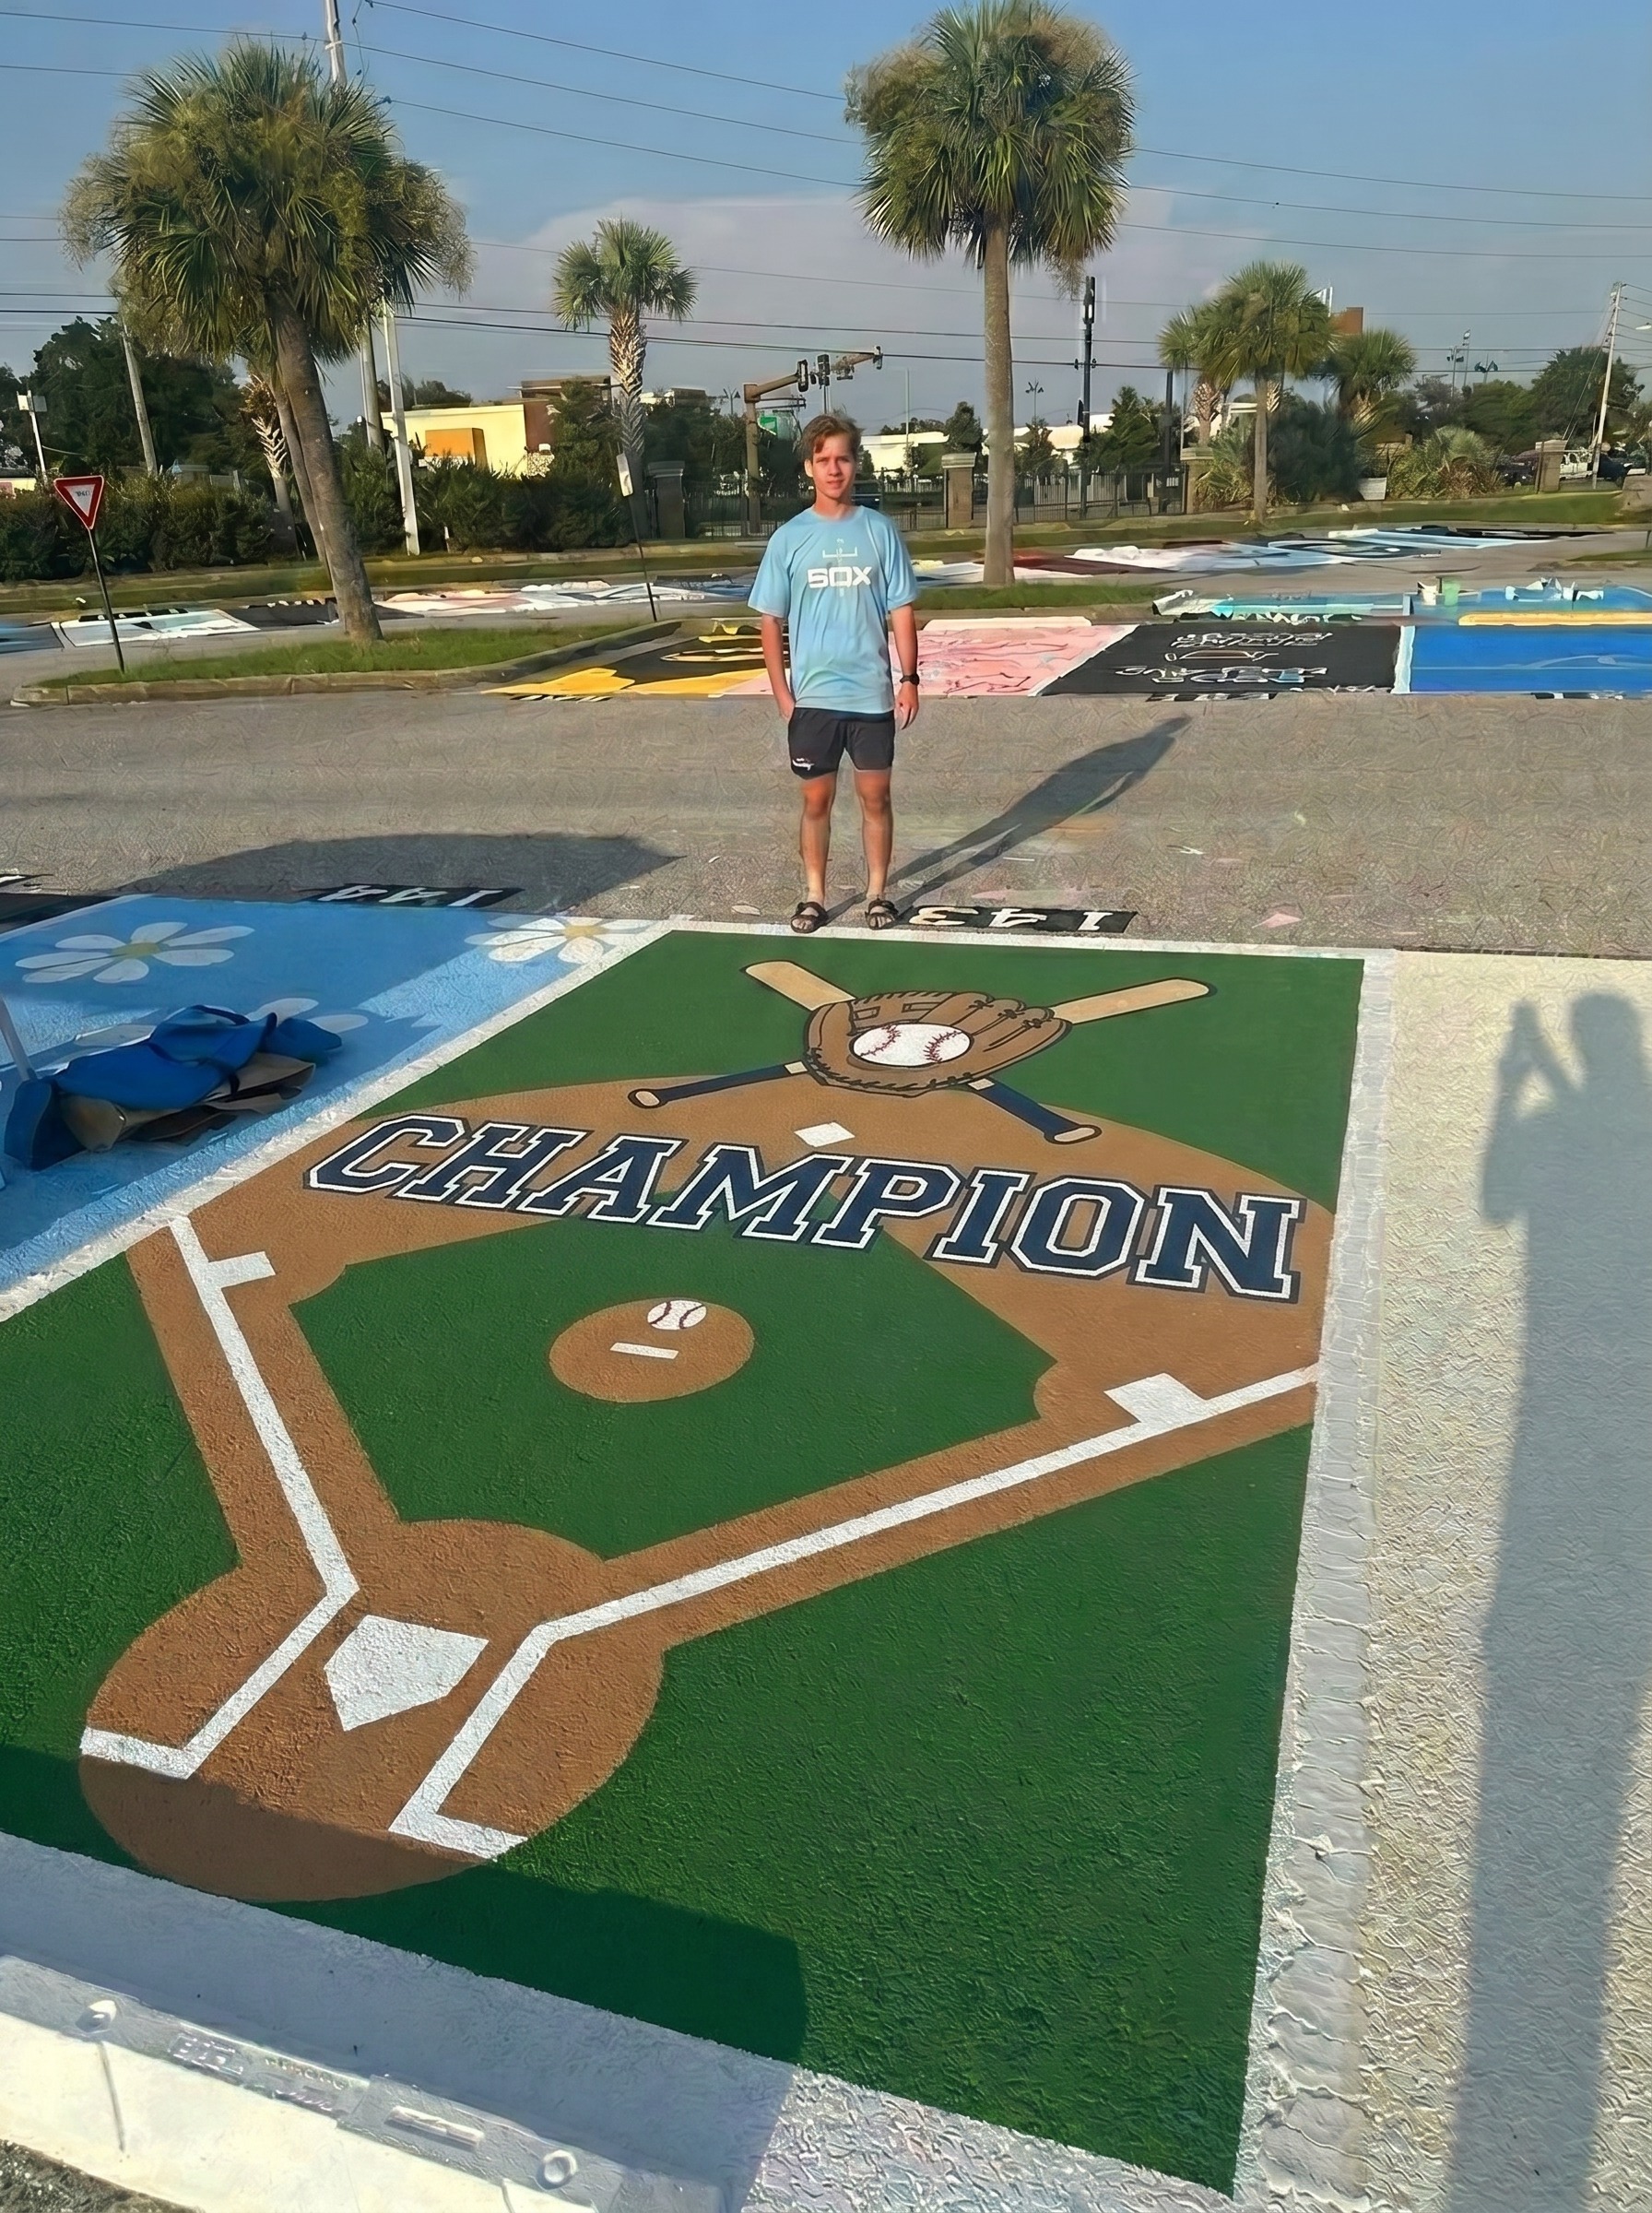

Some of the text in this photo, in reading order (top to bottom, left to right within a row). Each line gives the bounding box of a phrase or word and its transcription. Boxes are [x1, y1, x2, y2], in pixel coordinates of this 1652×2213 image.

[807, 566, 873, 588] SOX
[317, 884, 504, 907] 144
[908, 906, 1114, 931] 143
[304, 1113, 1305, 1303] CHAMPION

============================================================

__ASSIGNED TASK__:
Please reproduce every entry above exactly, but leave out the pictures.

__EXPECTED ANSWER__:
Some of the text in this photo, in reading order (top to bottom, left to right within a row). Each line gives the bounding box of a phrase or word and its transcription. Boxes are [x1, y1, x2, y2], in pixel coordinates of this 1652×2213 image.

[807, 566, 873, 588] SOX
[317, 884, 504, 907] 144
[908, 906, 1114, 931] 143
[304, 1113, 1305, 1303] CHAMPION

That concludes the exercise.